About this exercise → Would you copy the records exactly, leaving the pictures out?

Dataset excerpts:
───

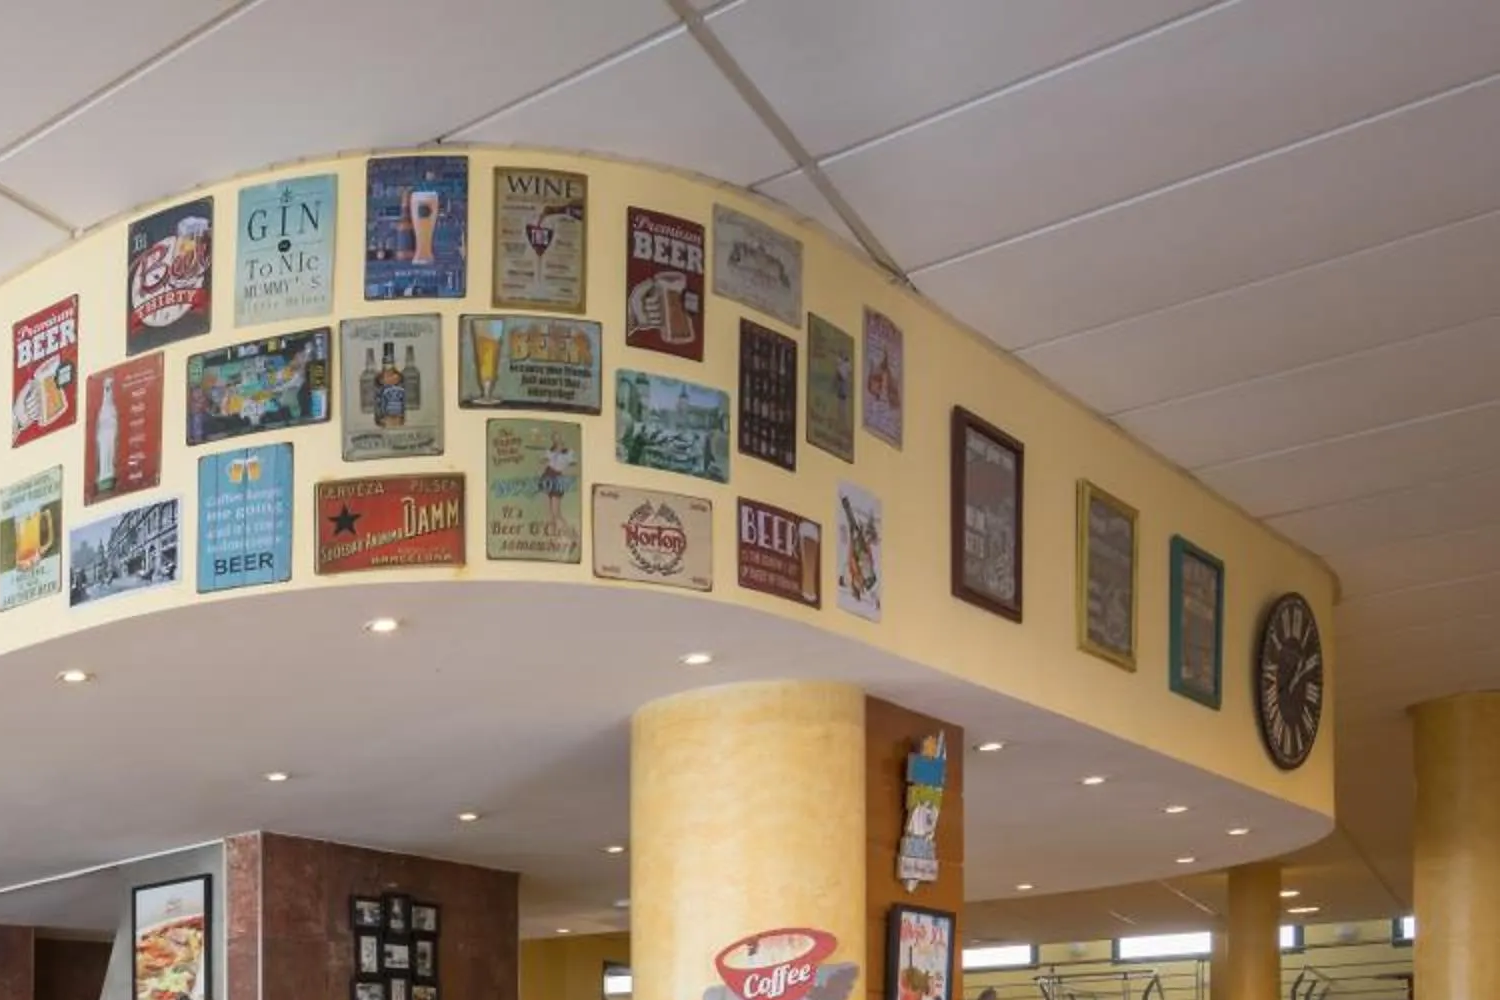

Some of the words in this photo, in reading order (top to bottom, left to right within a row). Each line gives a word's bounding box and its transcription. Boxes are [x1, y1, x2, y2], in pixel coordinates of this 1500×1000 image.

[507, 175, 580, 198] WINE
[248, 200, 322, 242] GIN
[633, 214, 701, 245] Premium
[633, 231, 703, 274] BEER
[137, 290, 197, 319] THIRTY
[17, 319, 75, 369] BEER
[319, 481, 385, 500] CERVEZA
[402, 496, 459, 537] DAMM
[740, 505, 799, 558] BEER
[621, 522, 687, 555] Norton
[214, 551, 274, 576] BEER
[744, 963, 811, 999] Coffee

───

Task result →
Some of the words in this photo, in reading order (top to bottom, left to right within a row). Each line gives a word's bounding box and its transcription. Boxes are [x1, y1, x2, y2], in pixel coordinates of this 1500×1000 image.

[507, 175, 580, 198] WINE
[248, 200, 322, 242] GIN
[633, 214, 701, 245] Premium
[633, 231, 703, 274] BEER
[137, 290, 197, 319] THIRTY
[17, 319, 75, 369] BEER
[319, 481, 385, 500] CERVEZA
[402, 496, 459, 537] DAMM
[740, 505, 799, 558] BEER
[621, 522, 687, 555] Norton
[214, 551, 274, 576] BEER
[744, 963, 811, 999] Coffee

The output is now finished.